Meta-analysis indicates a favorable effect of adjuvant cisplatin-based therapy—however, that does not equal level 1 evidence.
—Maha Hussain, MD, FACP, FASCO
Muscle-invasive bladder cancer can be a lethal disease despite curative intent local therapy, with 5-year survival that can be as low as 30% based on the extent of T status and/or lymph node involvement. The use of neoadjuvant chemotherapy with MVAC (methotrexate, vinblastine, doxorubicin, and cisplatin) or CMV (cisplatin, methotrexate, and vinblastine) has been shown to significantly improve overall survival, based on the results of two randomized phase III trials.1,2 Yet adopting this approach in the general patient population has been less than optimal in the United States.
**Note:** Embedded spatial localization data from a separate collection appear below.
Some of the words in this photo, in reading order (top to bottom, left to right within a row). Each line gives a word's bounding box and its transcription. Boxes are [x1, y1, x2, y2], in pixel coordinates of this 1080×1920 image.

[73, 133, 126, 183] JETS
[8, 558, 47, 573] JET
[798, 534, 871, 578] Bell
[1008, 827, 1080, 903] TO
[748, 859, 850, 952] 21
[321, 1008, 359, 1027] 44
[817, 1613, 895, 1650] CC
Clinical Trials in High-Risk Patients
The desire to optimize the risk/benefit ratio based on better patient selection and to avoid delay of potentially curative local therapy has fueled several adjuvant clinical trials in high-risk patients, particularly those with pT3-4 disease or those with node-positive disease post radical cystectomy and pelvic lymph node dissection. Historically, several phase II trials have been conducted, but they had multiple design and conduct limitations.
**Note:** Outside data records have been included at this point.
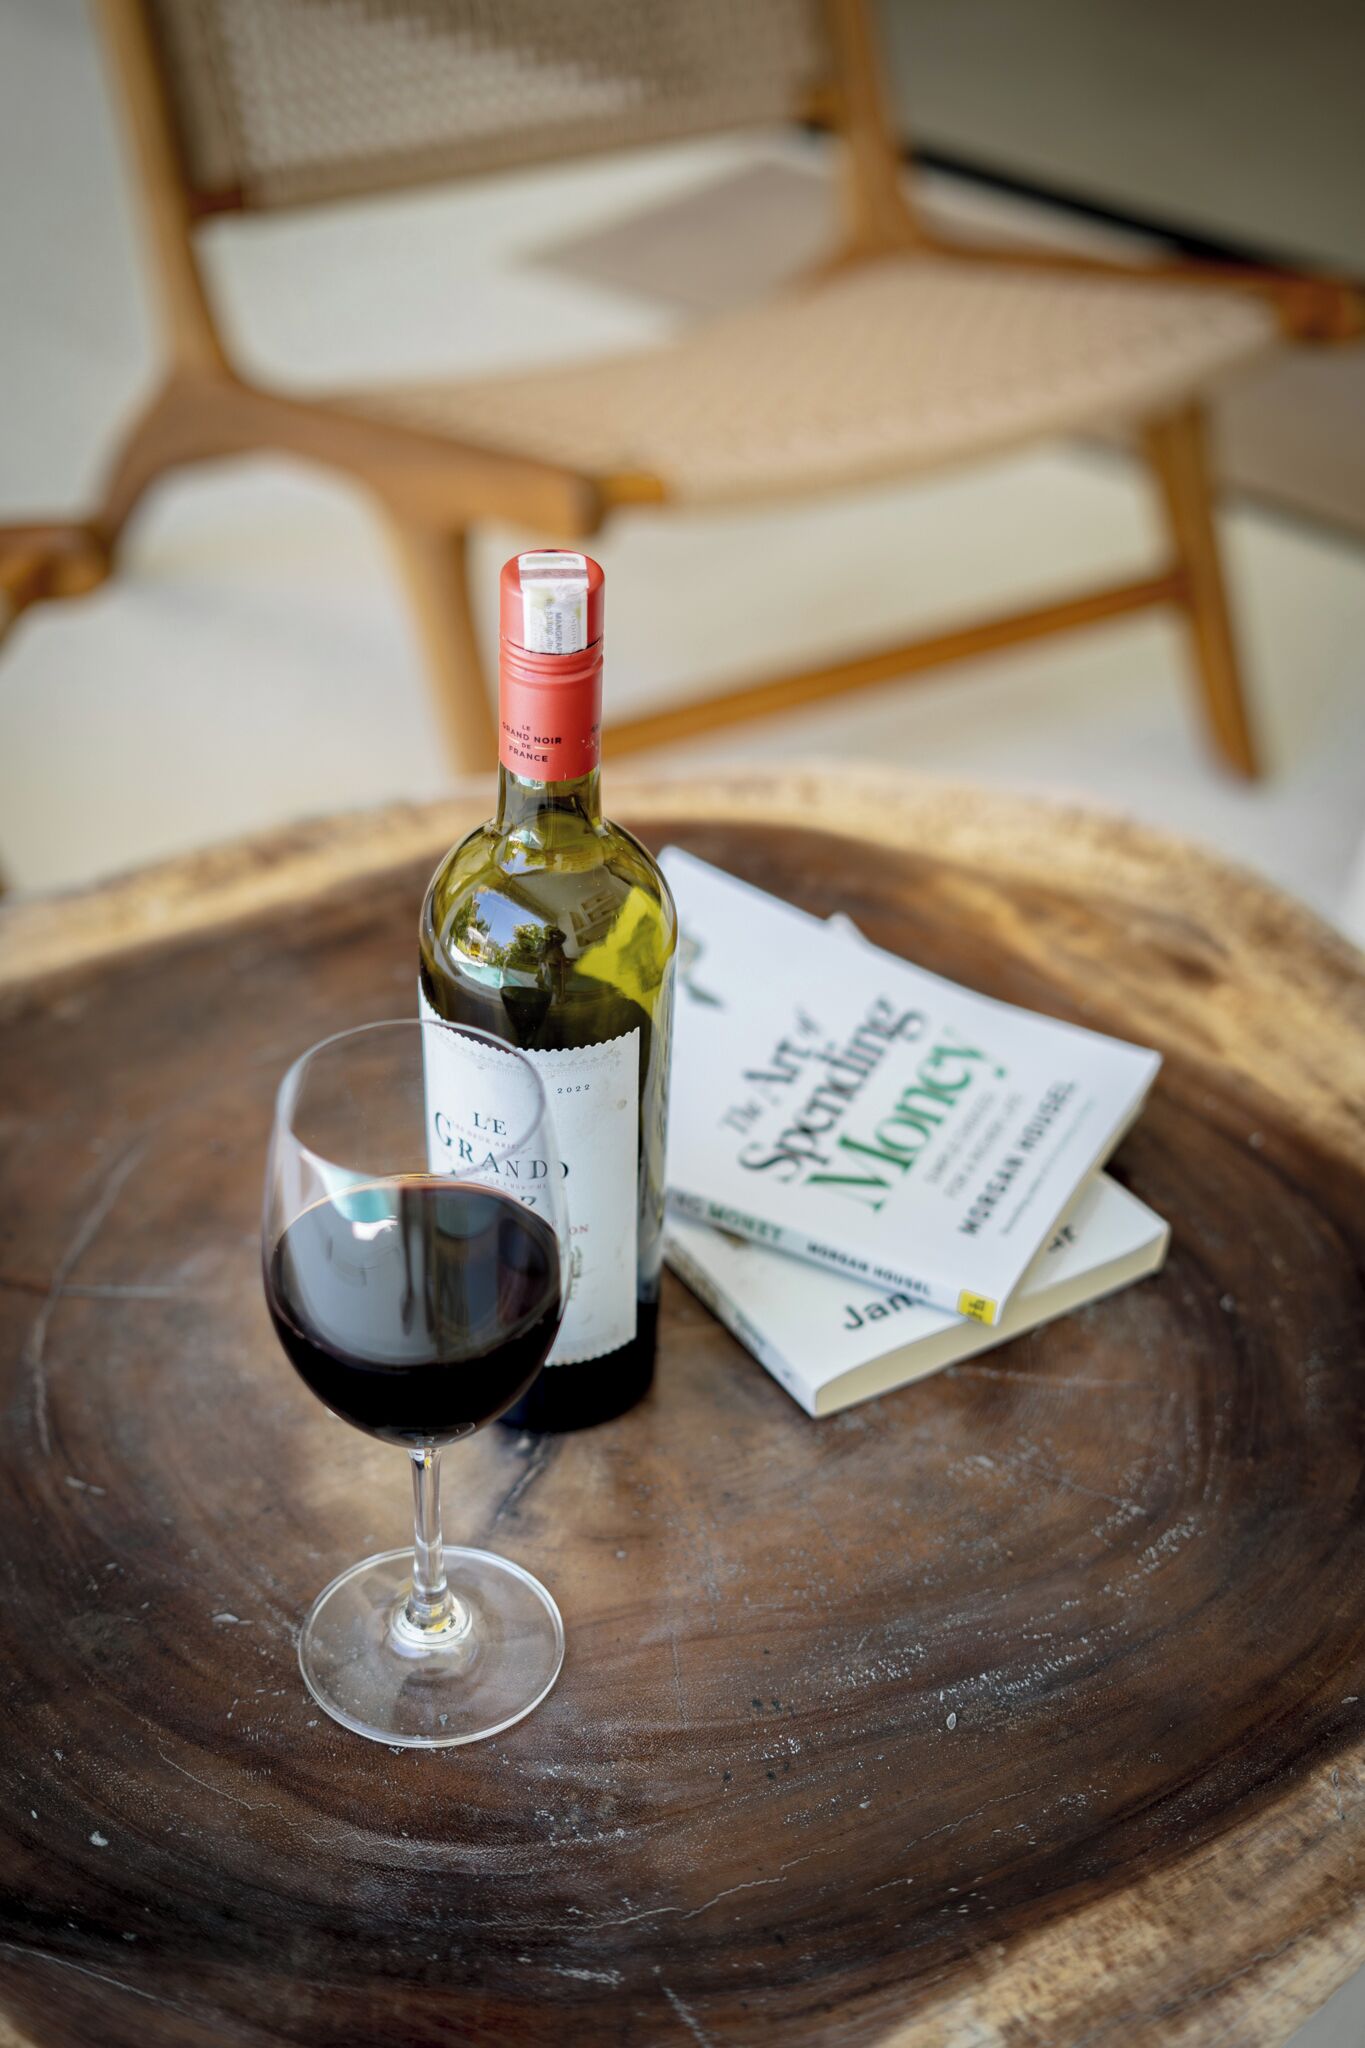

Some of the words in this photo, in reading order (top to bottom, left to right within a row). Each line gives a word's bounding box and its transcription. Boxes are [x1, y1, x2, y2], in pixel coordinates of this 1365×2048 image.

[502, 722, 530, 741] GRAND
[534, 736, 562, 744] NOIR
[509, 745, 548, 762] FRANCE
[557, 1084, 590, 1094] 2022
[738, 994, 928, 1184] Spending
[742, 1038, 811, 1105] Art
[473, 1112, 507, 1136] LE
[805, 1026, 1007, 1212] Money
[958, 1157, 1024, 1238] MORGAN
[1016, 1081, 1078, 1150] HOUSEL
[708, 1201, 781, 1241] MONEY
[806, 1241, 868, 1272] MORGAN
[873, 1266, 930, 1296] HOUSEL
Since 2001, three randomized phase III trials were attempted in high-risk patients based on pT or N+ status, testing the survival impact of adjuvant cisplatin-based chemotherapy post radical cystectomy and pelvic lymph node dissection. One of these trials was negative,3 whereas the other was reportedly positive, although no manuscript has been published to date.4 The third trial (European Organisation for Research and Treatment of Cancer [EORTC] 30994) was recently reported by Dr. Sternberg and colleagues in Lancet Oncology5 and is reviewed in this issue of The ASCO Post.
Trial Similarities and Differences
There are several common features across these three trials, including the key eligibility criteria and type of chemotherapy. Gemcitabine-cisplatin was used in one trial, and the combination of gemcitabine, cisplatin, and paclitaxel was used in another. EORTC 30994 allowed the institution’s choice of gemcitabine-cisplatin, MVAC, or high-dose MVAC, although most of the patients (108 of 128) received gemcitabine-cisplatin. Unfortunately, all of these trials were closed due to slow accrual and were thus underpowered for the primary endpoint.
However, relative to the other trials, EORTC 30994 had a larger number of patients recruited: 284 of a planned 660 patients. Despite significant improvements with immediate treatment in 5-year progression-free survival (47.6% vs 31.8%) and median progression-free survival (3.11 vs 0.99 years, hazard ratio = 0.54, P < .0001), there was no “statistically” significant difference in overall survival. There was, however, a trend in favor of the immediate treatment group: 5-year overall survival was 53.6% (95% confidence interval [CI] = 44.5%–61.8%) vs 47.7% (95% CI = 39.1%–55.8%), and median overall survival was 6.74 years (95% CI = 3.85 years to not reached) vs 4.60 years (2.15–6.25 years), with a hazard ratio of 0.78 (95% CI = 0.56–1.08, P = .13).
Technically, this study is negative for a confirmed overall survival advantage; however, it is rather difficult to ignore the significant difference in progression-free survival in a disease in which relapse invariably predicts death and the trends in median and 5-year overall survival all favoring adjuvant chemotherapy.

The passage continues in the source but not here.